We know for a general operator $\hat A$ on $V$, the following holds:

$\forall \left\vert{x}\right\rangle, \left\vert{y}\right\rangle \in V: \left\langle{x}\middle\vert{\hat A}\middle\vert{y}\right\rangle = \left\langle{y}\middle\vert{\hat A^\dagger}\middle\vert{x }\right\rangle^*$

where $^*$ denotes the complex conjugate.

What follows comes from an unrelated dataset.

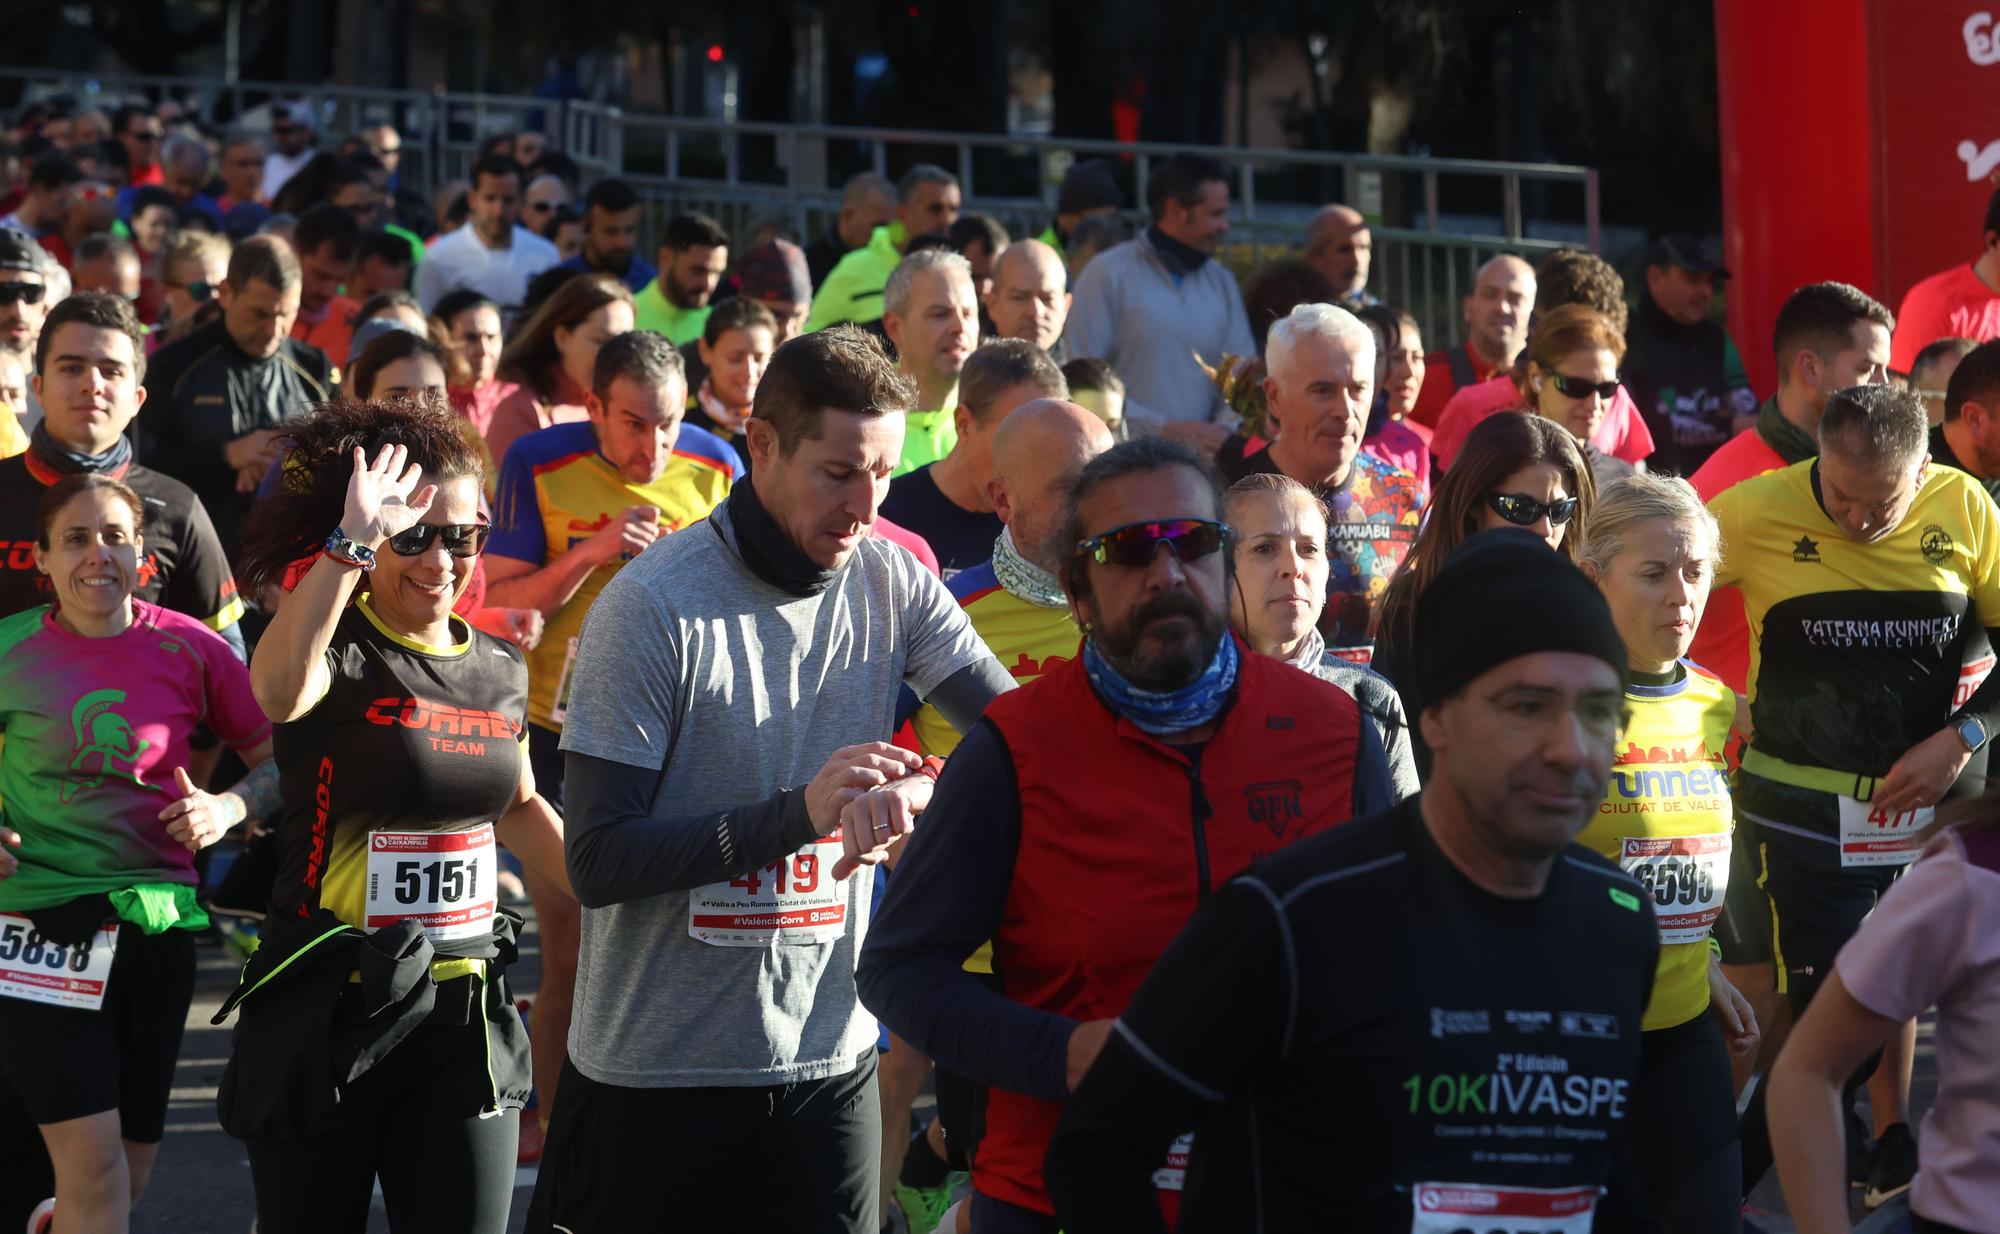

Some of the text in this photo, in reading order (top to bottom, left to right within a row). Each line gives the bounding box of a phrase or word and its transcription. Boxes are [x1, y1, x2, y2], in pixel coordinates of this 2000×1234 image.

Noting $\hat H = \hat H^\dagger$ gives:

$\left\langle{x}\middle\vert{\hat H}\middle\vert{y}\right\rangle = \left\langle{y}\middle\vert{\hat H}\middle\vert{x}\right\rangle^*$

Now we compute:

 $\ds \left\langle{x}\middle\vert{\hat H}\middle\vert{x}\right\rangle$ $=$ $\ds \left\langle{x}\middle\vert{ \left({\hat H}\middle\vert{x}\right\rangle}\right)$ $\ds$ $=$ $\ds \left\langle{x}\middle\vert{\lambda}\middle\vert{x}\right\rangle$ $\ds$ $=$ $\ds \lambda \left\langle{x}\middle\vert{x}\right\rangle$

Using our previous result:

 $\ds \left\langle{x}\middle\vert{\hat H}\middle\vert{x}\right\rangle$ $=$ $\ds \left\langle{x}\middle\vert{\hat H}\middle\vert{x}\right\rangle^*$ $\ds$ $=$ $\ds \left({\lambda \left\langle{x}\middle\vert{x}\right\rangle}\right)^*$

Equating the two previous equations gives:

$\lambda \left\langle{x}\middle\vert{x}\right\rangle = \left({\lambda \left\langle{x}\middle\vert{x}\right\rangle}\right)^*$

Recalling the conjugate symmetry property of the inner product, we can see that:

$\left\langle{x}\middle\vert{x}\right\rangle = \left\langle{x}\middle\vert{x}\right\rangle^*$

which is true if and only if $\left\langle{x}\middle\vert{x}\right\rangle \in \R$.

So

$\lambda \left\langle{x}\middle\vert{x}\right\rangle = \lambda^* \left\langle{x}\middle\vert{x}\right\rangle$

and so:

$\lambda = \lambda^*$

Therefore $\lambda \in \R$.

$\blacksquare$